* **EXERCISE DETAILS**: Quote all of the entries word for word.

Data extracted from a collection
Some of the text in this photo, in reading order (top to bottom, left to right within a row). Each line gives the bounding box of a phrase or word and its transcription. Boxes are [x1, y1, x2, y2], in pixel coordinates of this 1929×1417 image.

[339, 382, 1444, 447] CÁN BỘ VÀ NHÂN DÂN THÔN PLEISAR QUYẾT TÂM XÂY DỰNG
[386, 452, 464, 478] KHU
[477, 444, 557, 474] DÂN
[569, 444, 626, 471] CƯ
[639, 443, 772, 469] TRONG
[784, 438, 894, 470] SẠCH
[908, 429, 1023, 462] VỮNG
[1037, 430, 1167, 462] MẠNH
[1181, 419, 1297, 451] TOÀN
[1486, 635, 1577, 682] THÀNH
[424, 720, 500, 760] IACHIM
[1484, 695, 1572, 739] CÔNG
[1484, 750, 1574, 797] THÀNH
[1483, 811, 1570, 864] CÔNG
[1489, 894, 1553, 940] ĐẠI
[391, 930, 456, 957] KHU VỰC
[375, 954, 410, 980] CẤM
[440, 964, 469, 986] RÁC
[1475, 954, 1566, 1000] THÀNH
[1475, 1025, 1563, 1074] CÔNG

* **SOLUTION TO THIS EXERCISE**:
Some of the text in this photo, in reading order (top to bottom, left to right within a row). Each line gives the bounding box of a phrase or word and its transcription. Boxes are [x1, y1, x2, y2], in pixel coordinates of this 1929×1417 image.

[339, 382, 1444, 447] CÁN BỘ VÀ NHÂN DÂN THÔN PLEISAR QUYẾT TÂM XÂY DỰNG
[386, 452, 464, 478] KHU
[477, 444, 557, 474] DÂN
[569, 444, 626, 471] CƯ
[639, 443, 772, 469] TRONG
[784, 438, 894, 470] SẠCH
[908, 429, 1023, 462] VỮNG
[1037, 430, 1167, 462] MẠNH
[1181, 419, 1297, 451] TOÀN
[1486, 635, 1577, 682] THÀNH
[424, 720, 500, 760] IACHIM
[1484, 695, 1572, 739] CÔNG
[1484, 750, 1574, 797] THÀNH
[1483, 811, 1570, 864] CÔNG
[1489, 894, 1553, 940] ĐẠI
[391, 930, 456, 957] KHU VỰC
[375, 954, 410, 980] CẤM
[440, 964, 469, 986] RÁC
[1475, 954, 1566, 1000] THÀNH
[1475, 1025, 1563, 1074] CÔNG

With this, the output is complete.